Black Agenda Report
Black Agenda Report
News, commentary and analysis from the black left.

  • Home
  • Africa
  • African America
  • Education
  • Environment
  • International
  • Media and Culture
  • Political Economy
  • Radio
  • US Politics
  • War and Empire

Water War Against the Poor: Flint and the Crimes of Capital
Mumia Abu Jamal
10 Feb 2016
🖨️ Print Article

by Mumia Abu-Jamal 

The adage that there are different systems of justice for rich and poor, Black and white, is horrifically confirmed in Flint, Michigan, where the white supremacist, capitalist state poisoned a majority Black and poor population. Yet, in U.S. society there is no punishment to fit such a crime. “In Michigan’s prisons, there ain’t a single prisoner who committed a more vicious crime than the Governor of that state.”

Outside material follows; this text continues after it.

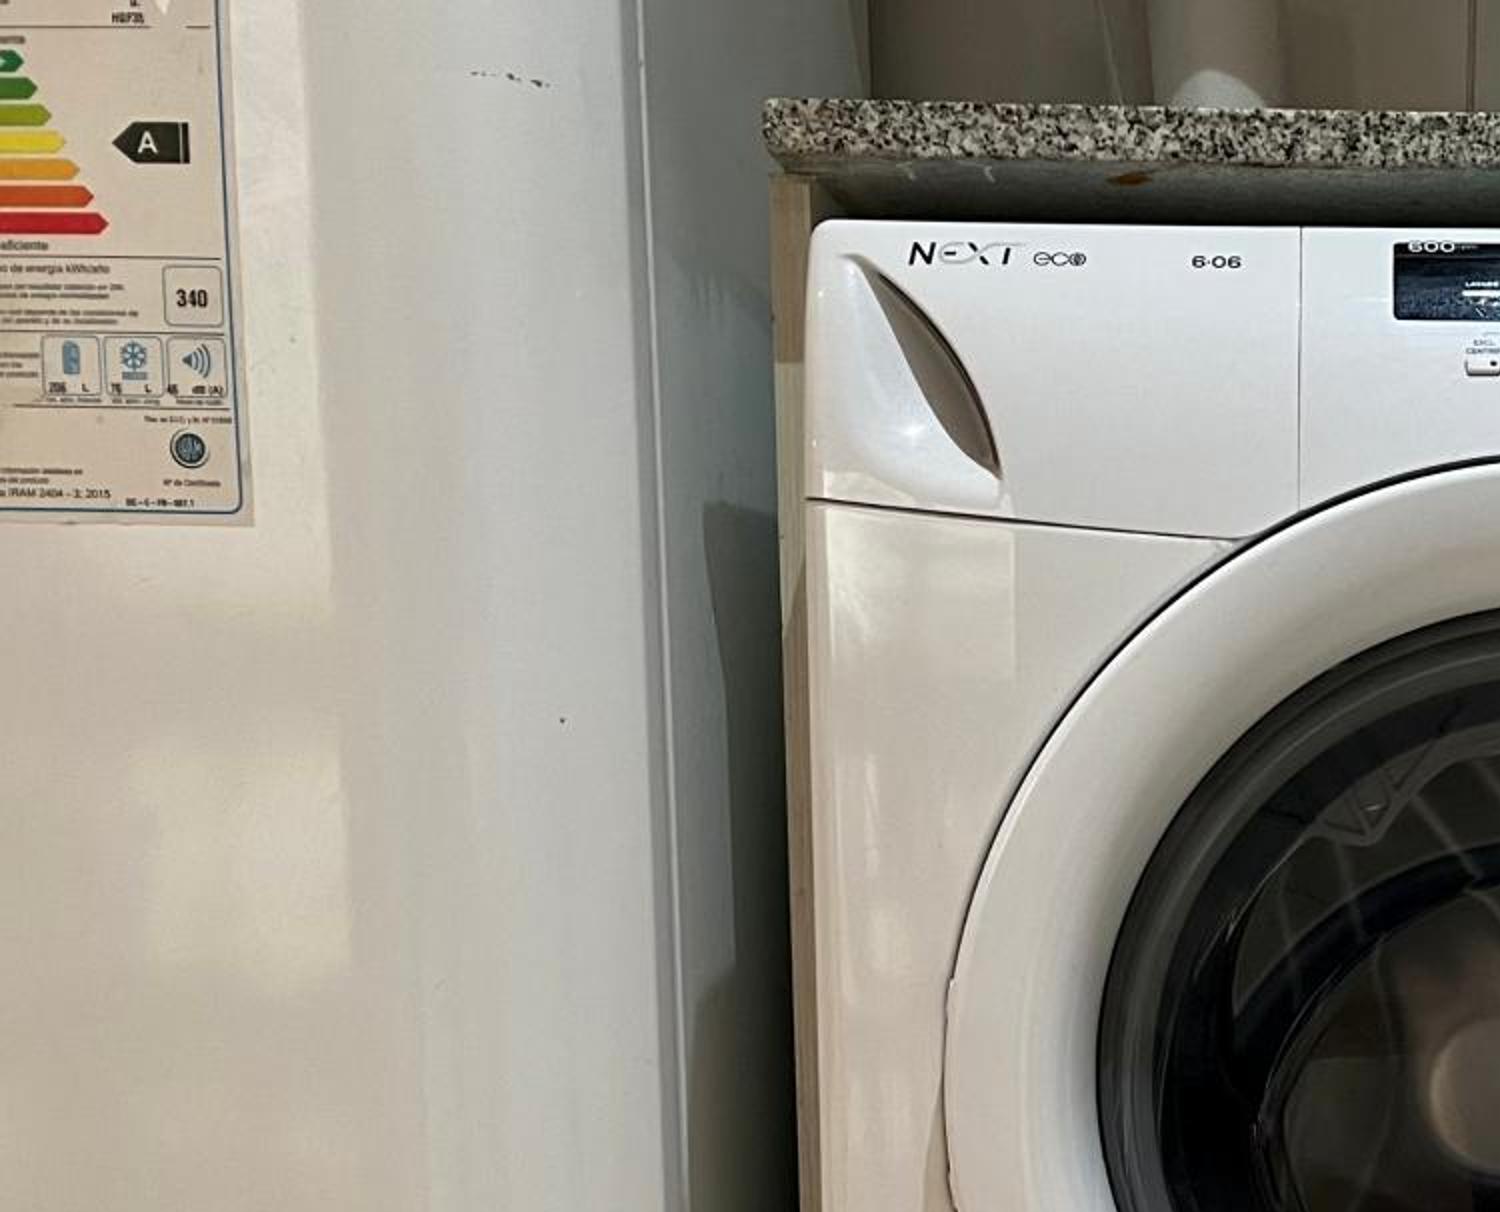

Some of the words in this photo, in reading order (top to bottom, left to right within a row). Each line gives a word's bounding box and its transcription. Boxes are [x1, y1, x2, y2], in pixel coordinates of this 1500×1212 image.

[138, 131, 158, 153] A
[1408, 240, 1455, 253] 600
[176, 289, 208, 308] 340

Water War Against the Poor: Flint and the Crimes of Capital

by Mumia Abu-Jamal 

This article previously appeared in Counterpunch.

“The state’s emergency manager created an emergency.”

If ever one wondered about the efficacy of a state government agency imposing officials on local governments, Flint has answered that question forever.

In April, 2014, the state-appointed emergency manager, in order to save money, ordered that the city’s water source be changed from Lake Huron to the notoriously polluted Flint River.

The switch unleashed a citywide disaster of disease, destruction, and death. Flint was a toxic river, rich in lead, a major pollutant that has devastating effects on brain development, speech and I.Q. levels in children. As soon as it was pumped into municipal water systems, the corrosive waters leached lead from the old pipes, and sped it to some 90,000 homes into the city.

Flint is now a poisoned city, because of its toxic water.

It also illustrates how officials from afar can cause a catastrophe at home. Now, tens of thousands of children who drank the water, and were bathed in the water, may suffer life-long problems – skin diseases, cognitive impairments, speech deficits and more.

The state, being penny-wise and pound foolish, has created a problem that may last for generations. The state’s emergency manager created an emergency.

The Michigan examples of the politics of austerity will cause problems that will cost billions of dollars to resolve.

The politics of ignoring the problems of the poor erupt like lava – demanding national attention.

Michigan, by the way, is named after the Chippewa words, mici gama, meaning “Great Water.”

Michigan governor, Rick Snyder, will be remembered, not for “Great Water” – but for toxic water.

“Waters that damaged and dissolved metals, were found fine enough to feed the population of human beings in a modern American city.”

From the beginning of human communal time, people built cities adjacent to rivers, for water, fresh water, was the source of life.

Cairo (and before it grew into Cairo, Fustat), relied on the Nile; London (and before that, the Roman colonial city of Londinium) was built upon the banks of the Thames; Paris (originally known as Par-Isis, or the House of Isis) grew from the flow of the Seine; Rome rose to become an empire along the banks of the River Tiber.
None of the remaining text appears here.